I live in a place still new to me. The handful of people I know are people I either work with or have met through the work I get to do. On that impulse that I’ve known all my life, even when a stranger in a foreign country, of calling with, “Want to me for breakfast?” I have no one to call who is not on their way or preparing to be on their way for our shared work.
My circle of beloveds are far away. But never far away. In a world of my childhood, decades ago, where immediate connection meant waiting for the party line to clear, or walking next door to the neighbor’s house…communication now is immediate. Or practically immediate. In fact, it’s SO immediate that I’ve actually been chastised by “I sent you a text AN HOUR ago and I haven’t heard from you?” When I wrote my last book, I sent into my digital settings and silenced virtually all of my notifications. Life has plenty of distractions, to be sure, and whirs and vibrations and bells and chimes are no longer part of mine. To learn if I have a text, I have to look. And I only look a couple of times a day because I am trying to elevate my focus practice. I’m a human crow, drawn to and easily distracted by shiny things.

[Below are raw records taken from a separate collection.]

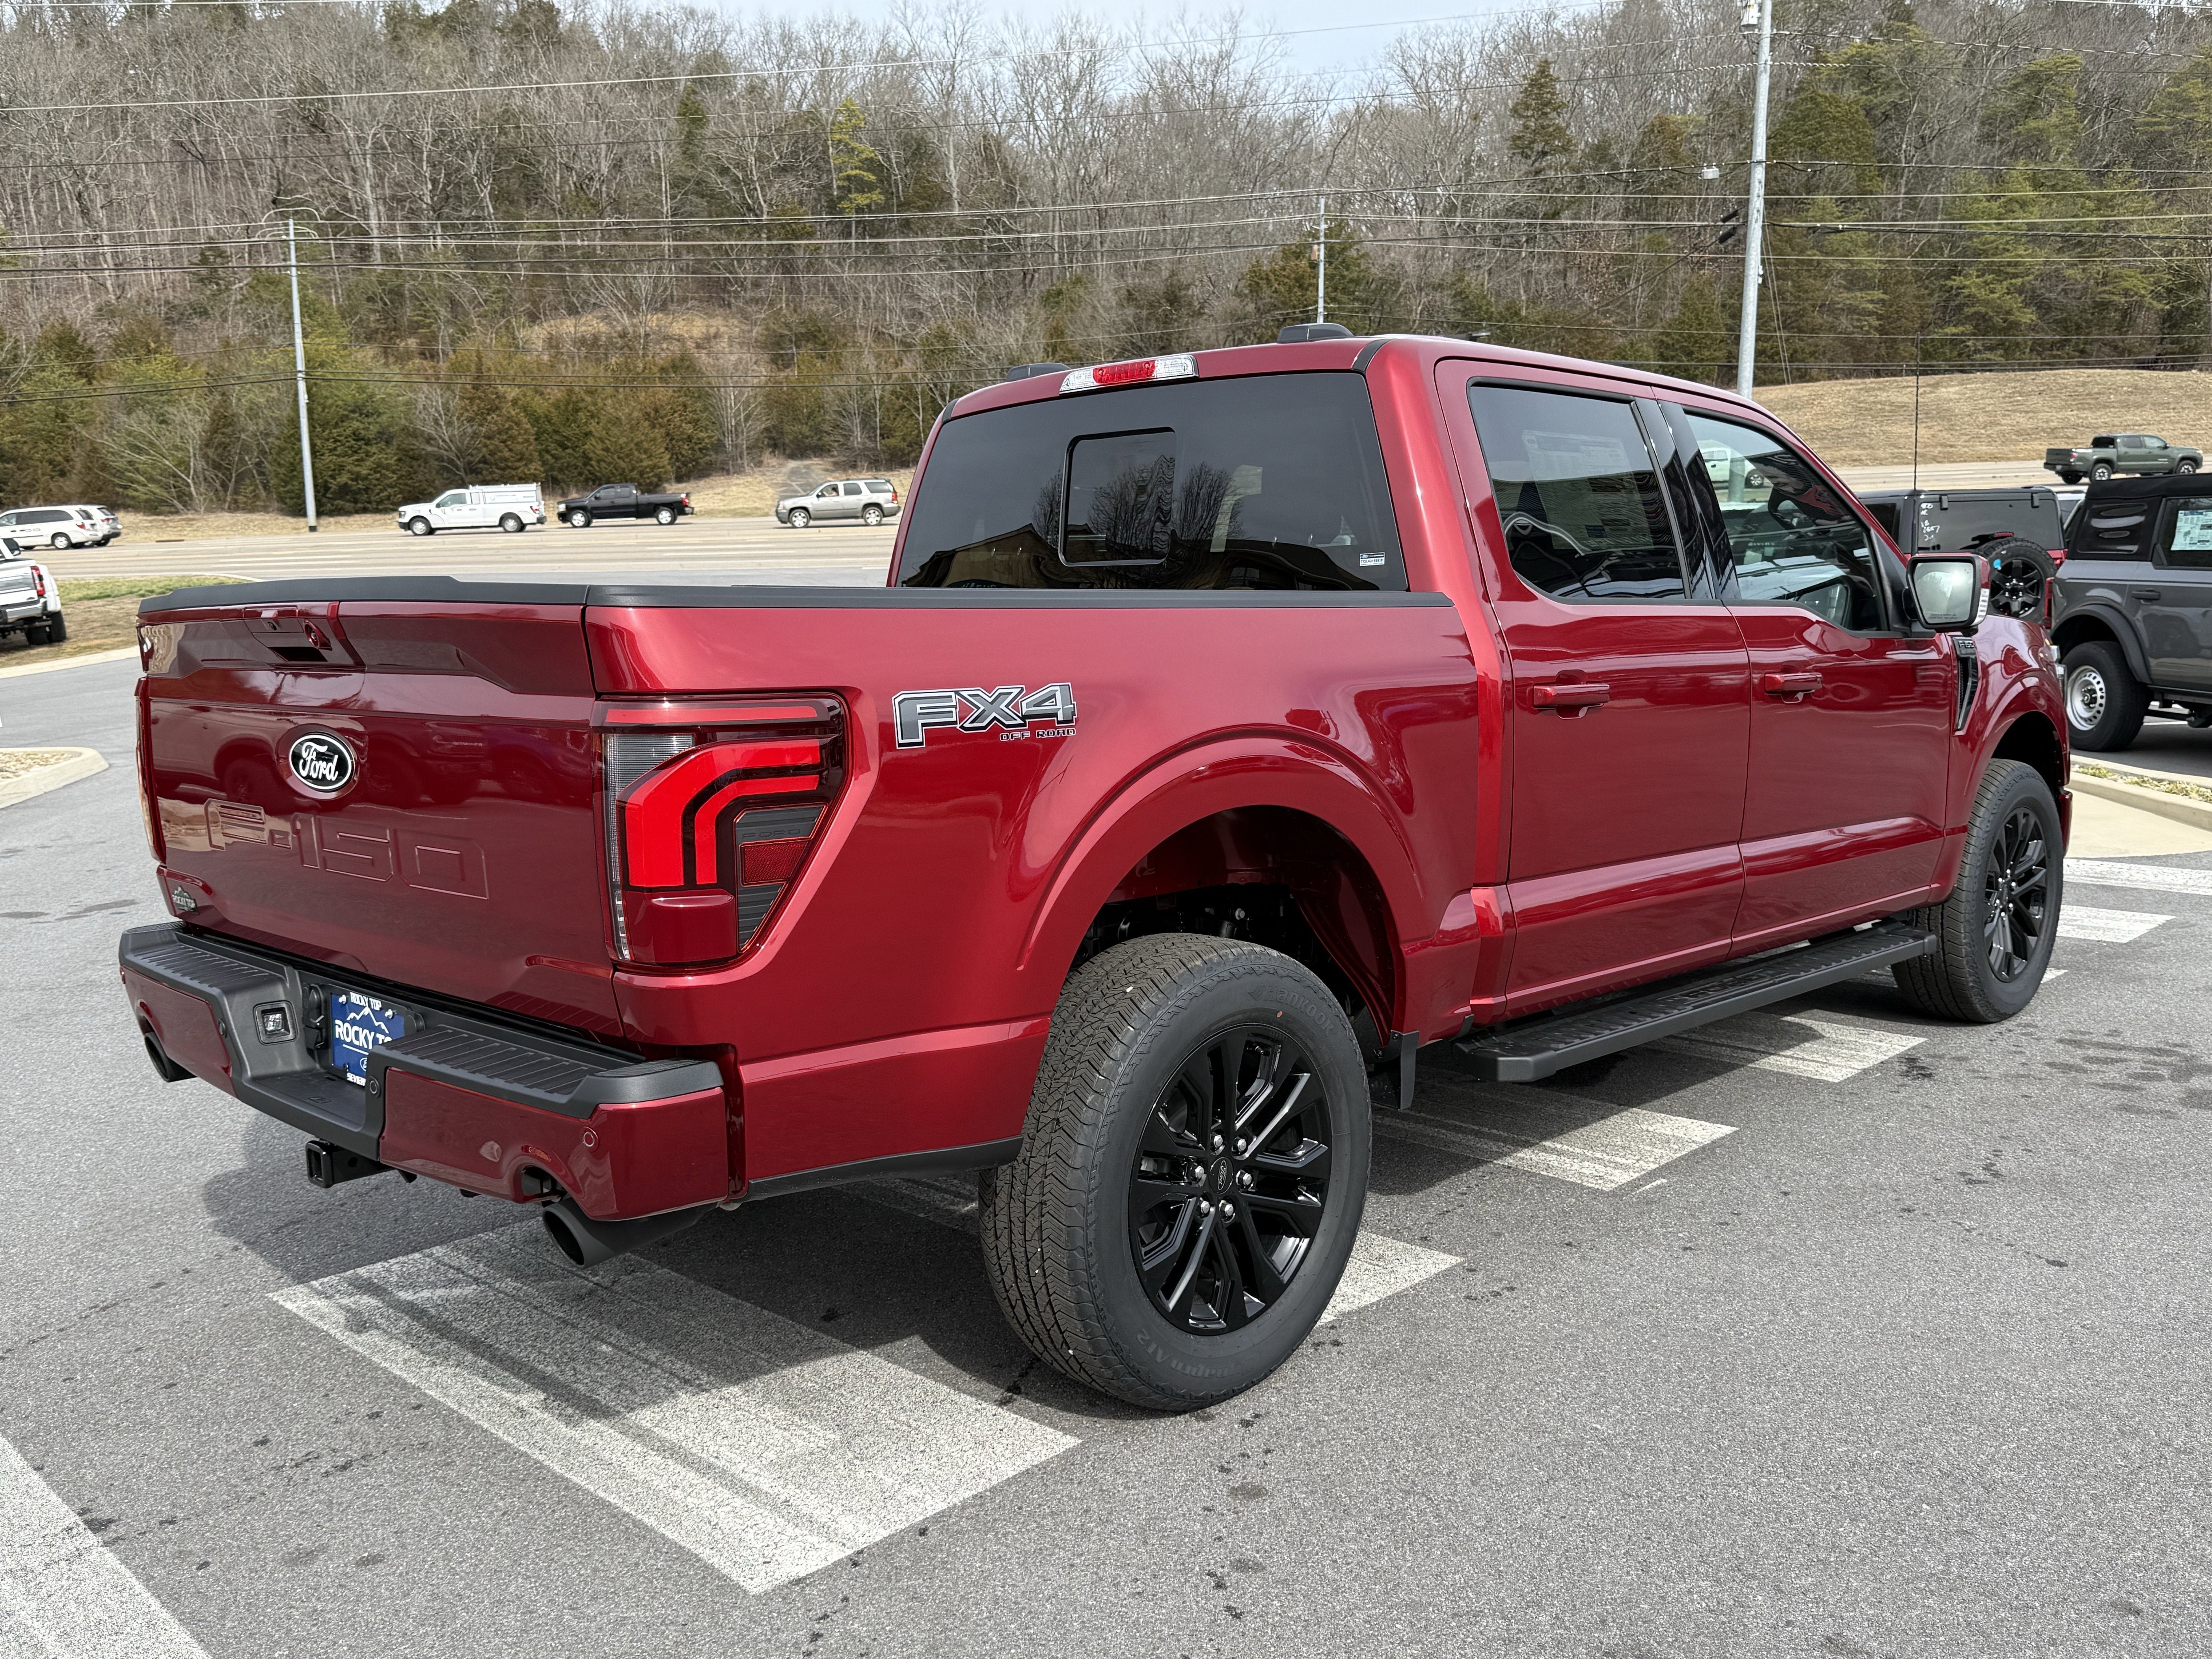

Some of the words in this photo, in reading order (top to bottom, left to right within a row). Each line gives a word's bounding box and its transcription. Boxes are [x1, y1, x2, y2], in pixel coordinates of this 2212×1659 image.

[891, 682, 1077, 749] FX4
[1000, 732, 1030, 742] OFF
[1036, 728, 1076, 738] ROAD
[299, 741, 338, 781] Ford
[204, 798, 489, 900] F-150
[742, 828, 800, 839] FORD
[350, 992, 369, 1007] ROCKY
[369, 998, 382, 1011] TOP
[1262, 985, 1336, 1037] Hankook
[335, 1019, 375, 1049] ROCKY

So those I know and have known and treasure as friends are too far for a spontaneous breakfast. They are never too far, if they are somewhere on the planet, for a text or encrypted message that says some form of “You are on my mind.”

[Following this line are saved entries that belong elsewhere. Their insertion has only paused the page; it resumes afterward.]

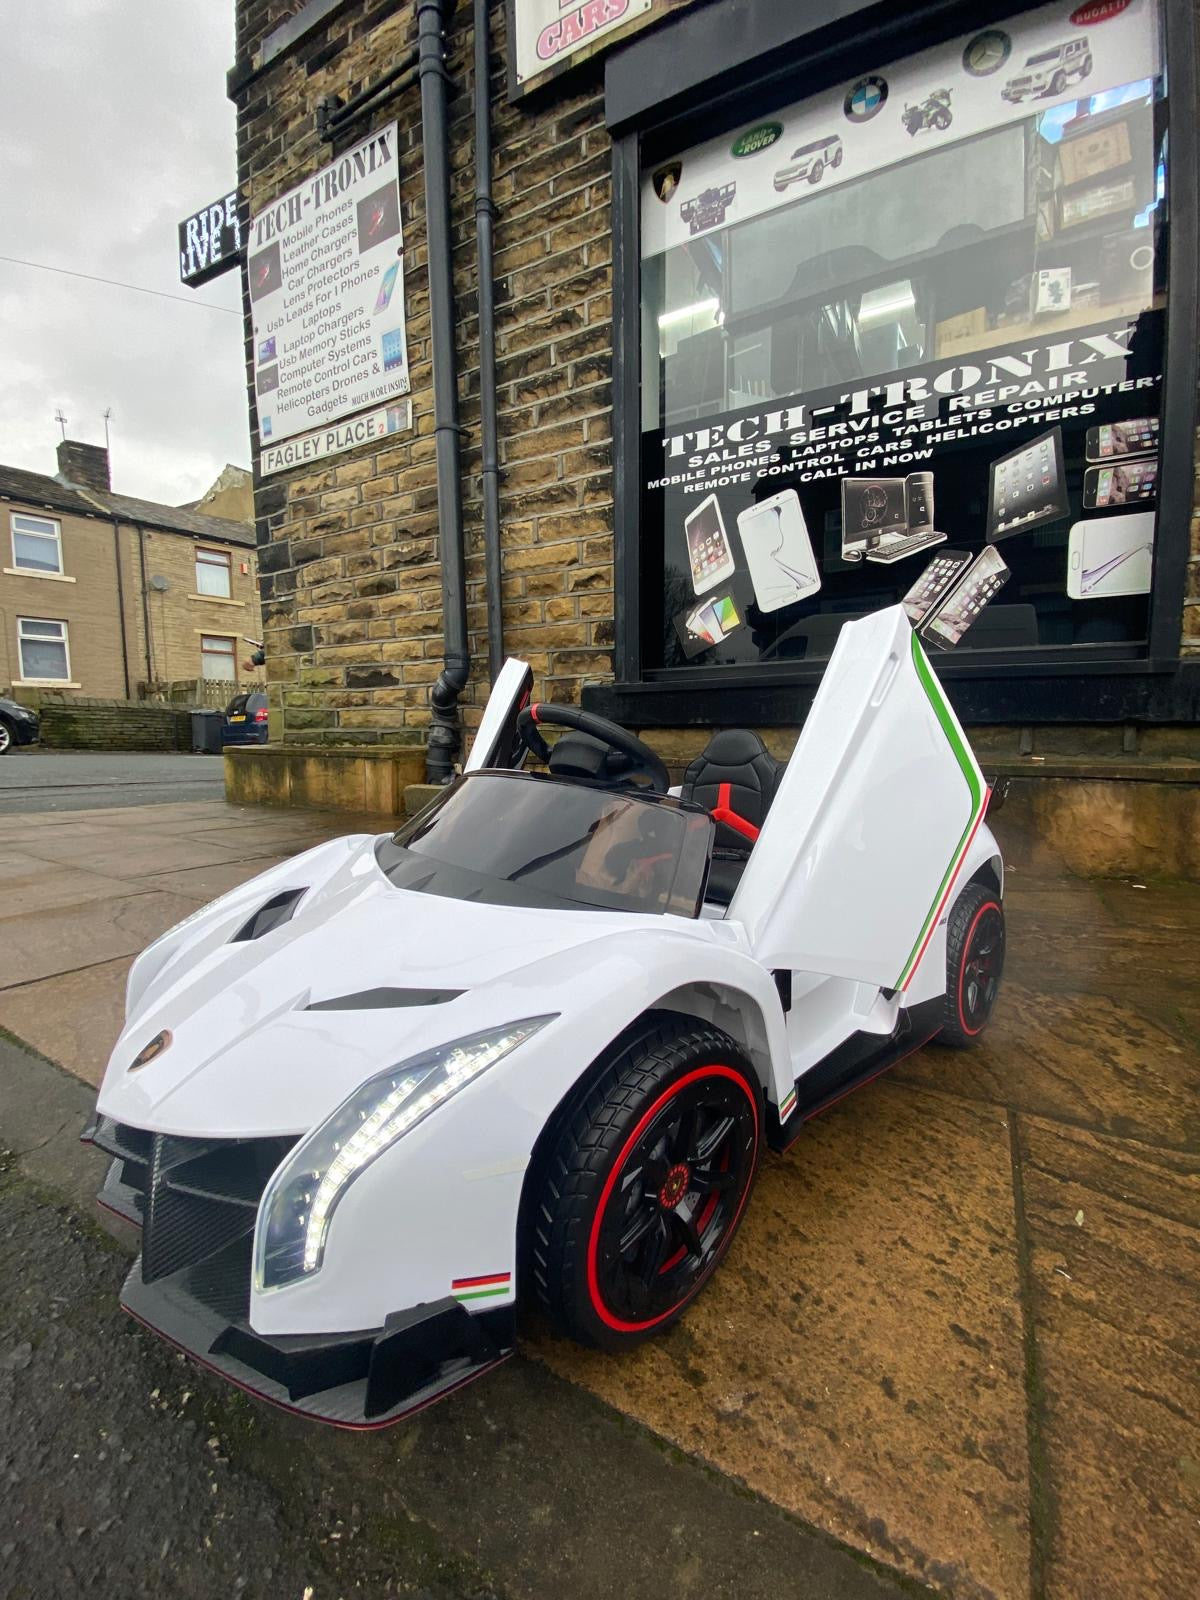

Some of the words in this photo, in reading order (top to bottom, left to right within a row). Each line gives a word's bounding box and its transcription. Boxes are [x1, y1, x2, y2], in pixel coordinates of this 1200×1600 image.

[537, 0, 629, 60] CARS
[743, 133, 776, 154] ROVER
[255, 130, 392, 247] TECH-TRONIX
[186, 193, 238, 254] RIDE
[282, 223, 313, 249] Mobile
[316, 198, 353, 228] Phones
[283, 235, 318, 263] Leather
[322, 214, 354, 239] Cases
[282, 258, 309, 280] Home
[312, 228, 358, 262] Chargers
[288, 276, 307, 291] Car
[307, 247, 353, 283] Chargers
[267, 317, 284, 333] Usb
[286, 300, 314, 323] Leads
[315, 290, 332, 307] For
[341, 265, 380, 293] Phones
[283, 290, 306, 309] Lens
[308, 260, 360, 296] Protectors
[283, 332, 316, 354] Laptop
[318, 306, 365, 336] Chargers
[302, 302, 342, 329] Laptops
[279, 354, 297, 370] Usb
[300, 335, 337, 360] Memory
[340, 318, 371, 341] Sticks
[280, 357, 326, 384] Computer
[328, 335, 372, 363] Systems
[277, 380, 312, 400] Remote
[314, 363, 350, 384] Control
[353, 349, 378, 367] Cars
[277, 384, 330, 414] Helicopters
[332, 368, 369, 391] Drones
[372, 363, 381, 375] &
[351, 390, 369, 407] MUCH
[371, 384, 388, 400] MORE
[388, 377, 408, 393] INSIDE
[662, 328, 1136, 458] TECH-TRONIX
[307, 393, 348, 417] Gadgets
[688, 439, 772, 468] SALES
[790, 405, 926, 445] SERVICE
[949, 370, 1088, 412] REPAIR
[267, 437, 321, 469] FAGLEY
[326, 418, 375, 452] PLACE
[378, 423, 385, 434] 2
[647, 469, 706, 490] MOBILE
[711, 453, 781, 475] PHONES
[792, 432, 880, 459] LAPTOPS
[892, 408, 992, 437] TABLETS
[1008, 374, 1163, 414] COMPUTER
[684, 471, 751, 494] REMOTE
[756, 453, 845, 478] CONTROL
[857, 439, 913, 458] CARS
[926, 403, 1097, 444] HELICOPTERS
[800, 467, 849, 482] CALL
[855, 458, 877, 472] IN
[883, 448, 934, 467] NOW

This morning I enjoyed Sean Deitrich’s (Sean of The South) daily dispatch from his experience on the Camino walk. He spoke of a man who intended to walk for three days and go home. That man changed his flight and will likely not go home until after he’s finished the Camino. Why? Sean narrates that he is loving the NOW of the Camino. There’s the step and the next step. You don’t know where you’ll get your next food, if there’ll be electricity in the next village and, for that matter, you don’t always know where or what the next village is. The young man explains it’s the closest thing to “living in the present moment” that he’s ever had in his life…and he doesn’t want to leave it before he has learned what he can.

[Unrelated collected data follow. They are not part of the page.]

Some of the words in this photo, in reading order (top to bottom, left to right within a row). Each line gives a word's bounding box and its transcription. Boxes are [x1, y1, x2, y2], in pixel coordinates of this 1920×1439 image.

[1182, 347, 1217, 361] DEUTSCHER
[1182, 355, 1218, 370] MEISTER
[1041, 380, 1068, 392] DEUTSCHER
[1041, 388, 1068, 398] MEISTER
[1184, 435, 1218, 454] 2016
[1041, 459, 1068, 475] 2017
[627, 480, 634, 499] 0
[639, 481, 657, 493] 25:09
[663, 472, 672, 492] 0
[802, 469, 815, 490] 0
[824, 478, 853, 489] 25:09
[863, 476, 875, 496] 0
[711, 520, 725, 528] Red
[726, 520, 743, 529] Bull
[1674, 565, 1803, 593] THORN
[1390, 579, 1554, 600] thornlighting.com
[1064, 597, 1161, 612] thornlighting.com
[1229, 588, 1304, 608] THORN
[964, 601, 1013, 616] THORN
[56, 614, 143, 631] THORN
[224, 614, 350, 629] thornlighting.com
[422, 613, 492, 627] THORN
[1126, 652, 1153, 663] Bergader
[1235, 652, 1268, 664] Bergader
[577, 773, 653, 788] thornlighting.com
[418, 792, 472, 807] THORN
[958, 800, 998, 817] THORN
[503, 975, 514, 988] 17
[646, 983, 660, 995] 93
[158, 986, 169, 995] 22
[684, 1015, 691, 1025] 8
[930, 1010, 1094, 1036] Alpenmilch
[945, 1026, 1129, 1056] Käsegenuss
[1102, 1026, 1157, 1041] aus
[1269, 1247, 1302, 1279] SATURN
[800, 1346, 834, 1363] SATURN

What does that have to do with not having anyone to call up for a breakfast meet up?
There’s only now.
There’s only now.
If I want breakfast out, I should go.
If I want a new friend, I can open my heart and meet one.
If I want my beloveds to know I treasure them, I have the opportunity to take the moment in the uber connected world and let them know.
Now.
There’s only now.
Now.
Love, em radmacher
Ah, my friend, a most important lesson for a life well lived. And, I really miss enjoying breakfast with you. Few other people eat like us.
So undeniably true! I've had stark reminders lately. Live and love now.